Cows are not natural corn-eaters, but they are fed corn anyway, along with beef byproducts (cows are herbivores). Grass-fed beef is healthier.
“So this is what commodity corn can do to a cow: industrialize the miracle of nature that is a ruminant, taking this sunlight- and prairie grass- powered organism and turning it into the last thing we need: another fossil fuel machine. This one, however, is able to suffer.”
There is only so much food a person can eat, meaning that food companies have difficulty growing faster than the population. The only ways to do it? Increase profit margins, or get people to eat more.
“There’s money to be made in food, unless you’re trying to grow it.”
Americans drank more from 1790 to 1840 than they ever have before or since – more than five times as much as they do now. The favorite drink at the time? Corn whiskey. Why? Because then, as now, we grew a ton of corn.
Now, we turn excess corn into high fructose corn syrup.
Part 2: Grass
Isaiah 40:6 – “All flesh is grass.”
For chickens to be free range, they must be allowed access to the outside. But the inside can be exactly like any industrial chicken farm, and the chickens don’t even have to leave.
60s counterculture embraced a back-to-the-land ethic of organic farming, environmentalism, and so on.
English agronomist Sir Albert Howard laid the philosophical foundations for the organic movement, later lionized in the magazine Organic Gardening and Farming.

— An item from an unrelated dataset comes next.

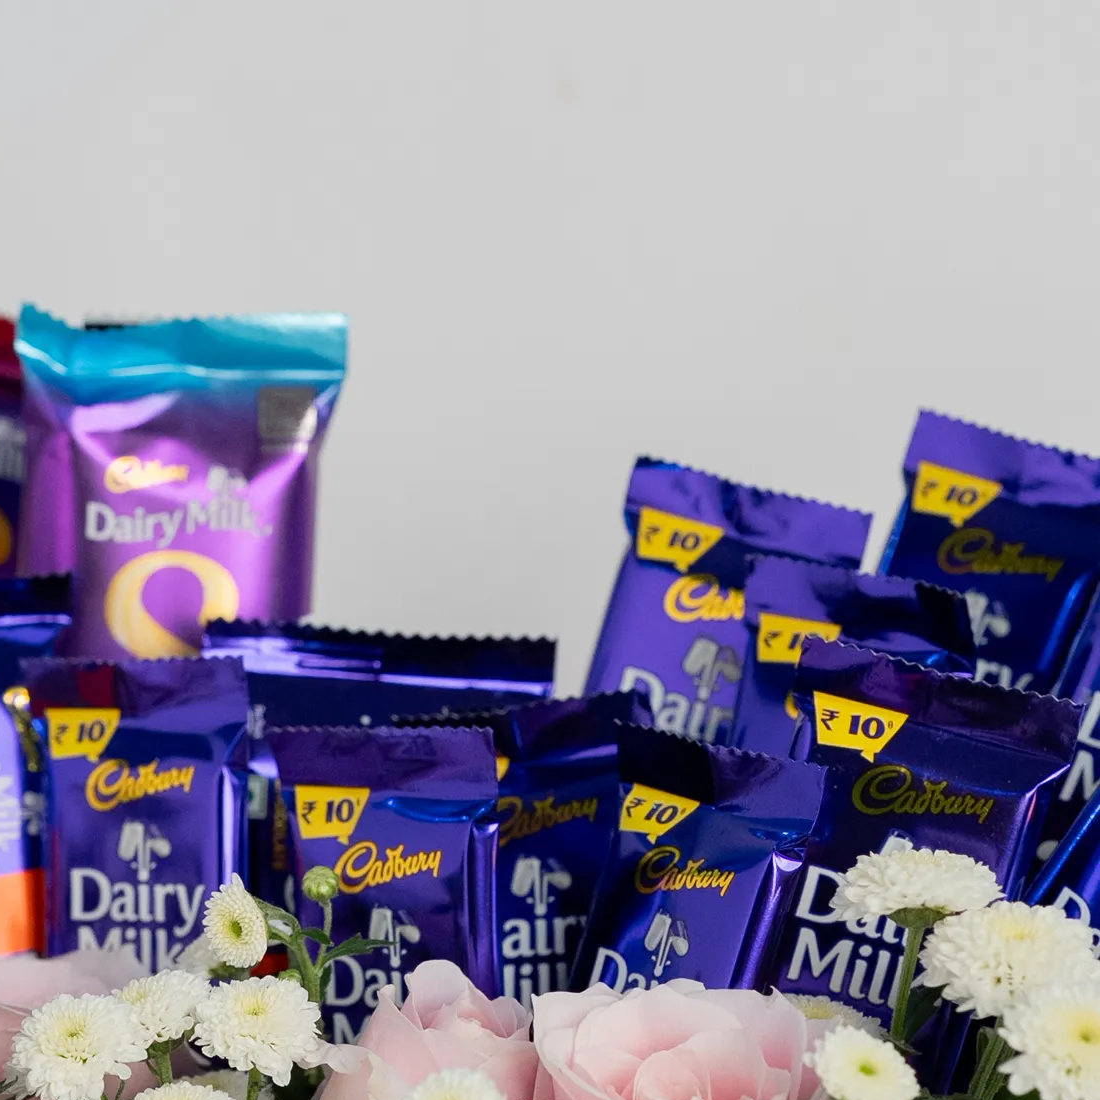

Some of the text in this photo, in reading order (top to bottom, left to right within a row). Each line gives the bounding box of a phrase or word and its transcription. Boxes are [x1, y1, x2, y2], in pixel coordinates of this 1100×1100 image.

Howard’s philosophy fought against the “NPK” mentality (the idea that agriculture can be industrialized by understanding the chemical nutrients for optimal plant growth – nitrogen, phosphorus, potassium).
Today, Howard’s organic ideas are mainstream. But the idea has been lost somewhat, as “industrial organic farming” for markets like Whole Foods is no longer an oxymoron.
“This is just lunch for most people. Just lunch. We can call it sacred, we can talk about communion, but it’s just lunch.”
Grass-fed beef requires constant rotation to fresh grass. But while this is management intensive, the food chain is very straightforward: sun -> grass -> cow.
On slaughtering chickens: “That feeling, perhaps more than any other, was disconcerting: how quickly you can get used to anything, especially when the people around you think nothing of it.”
Part 3: Foraging
“There is value in any experience that reminds us of our dependency on the soil-plant-animal-man food chain.”
As omnivores, humans can eat just about anything – or at least, they can try it.
While humans have some biological dispositions telling us what to eat (sweet things good, bitter things bad), they only take us so far.
Much of what people eat has to come from culture – we learn what to eat from other people who have tried them, and through trial and error we create cuisines.
Often, but not always, cuisines have a biological basis for combining certain foods. But it’s often hard to trace what that basis was, or who (if anyone) discovered it.
America, with such a decentralized culture, struggles with major swings of “food faddism.”
Pollan then talks at some length about the philosophical arguments for vegetarianism. (I skimmed this section since I am already convinced by the arguments in favor of vegetarianism.)
Factory farming is indefensible, when considering the vast pain and suffering inflicted on these animals.
Pollan hypothesizes that cannabinoid receptors in the brain seem very well suited for hunting – like marijuana, hunting induces focus, a weak of sense of time, and hunger.
The book wants the reader to think about these things: What it is we’re eating. Where it came from. How it found its way to our table. What it really cost.